I'm not laughing at your efforts. I want to see what you are sharing so I'll just stay tuned in and wait.


----------



## crocodilu911 (Apr 17, 2015)

View attachment 20150525951756422.bmp


Tpope, you can laugh my friend, this is a free country we live in.

anyway. as I said, my friend, was a bit on the intoxicated side yesterday and he messed up my camera, so with my own device I got 0 seconds of footage, and the most important thing, I got none of the grafting. I will see if my wife has a second tonight when I get home and I will try to film that. the whole thing took about 20 min, with all the camera setting up and beer sharing and stuff....after all, it was memorial day and we celebrated our own way.
so we first opened the nuc box, just to see how that was going....then I opened the main hive....I had placed 1 deep on top of if Saturday, and they had already placed some honey and drew comb in it by Monday. I took 3rd box off, and looked in my second, but I had no larvae....all the space left by hatching brood, was full with honey (the reason I placed the 3rd box in the first place). I had to go all the way down to the 1st rood chamber. I had 7brood and 1 egg frames down there. I estimate in total between the 2 boxes I had 12-13 frames of brood. not bad for a nuc dating back from 1st week of march.2015 queen in it , natural selection right behind my garage. 
in the second video, I realized that my video was not working at all, so I asked my friend to video again with his phone, but we had missed the grafting part, because I thought my camera was set up correctly, and he was worried about the grill more than my camera action , so we missed that and the replacing of the frame in the nuc box. but I will try to do that tonight. 
now I had prepared the nuc box on Saturday, and I took only capped brood, to my surprise they only had 3-4 q cells drawn out. sometimes you get dozens. 

so, video 1 and vide 2.
https://www.youtube.com/watch?v=JIciu_P5fhA
https://www.youtube.com/watch?v=6FKzD9PFc6M


the only image I have from the grafting process is what my friend took with his camera phone.

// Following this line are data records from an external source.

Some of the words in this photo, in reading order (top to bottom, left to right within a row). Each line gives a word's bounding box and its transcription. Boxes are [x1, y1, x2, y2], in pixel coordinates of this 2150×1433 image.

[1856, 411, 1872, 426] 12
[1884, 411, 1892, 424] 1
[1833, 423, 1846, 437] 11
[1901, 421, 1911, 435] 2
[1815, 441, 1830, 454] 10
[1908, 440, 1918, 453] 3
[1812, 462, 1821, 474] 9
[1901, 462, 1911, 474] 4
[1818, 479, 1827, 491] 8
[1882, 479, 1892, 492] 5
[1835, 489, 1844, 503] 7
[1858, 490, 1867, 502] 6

so let me know what you guys think. I will look again in my nuc tomorrow , to see what my result was. 
I grafter 16 cells, no specific reason, other that to show that if you have 5 hives and you need 5 queens, if you take 1 frame out of each, you can make your 6 queens, with some to spare, and not spend $30 /queen. the bonus is, you end up with a new colony at the end of the process.
all together I think the whole process was under 20 min , after a day's work at the office and with the "help " of a drunk friend 
we'll see what my graft did tomorrow. I usually let them do 3 days before I look, and also usually I feed some syrup...this time I was not prepared. as I mentioned, it was just a try out, to show some of the beginner beekeepers here how they can do this easy, without too much headache.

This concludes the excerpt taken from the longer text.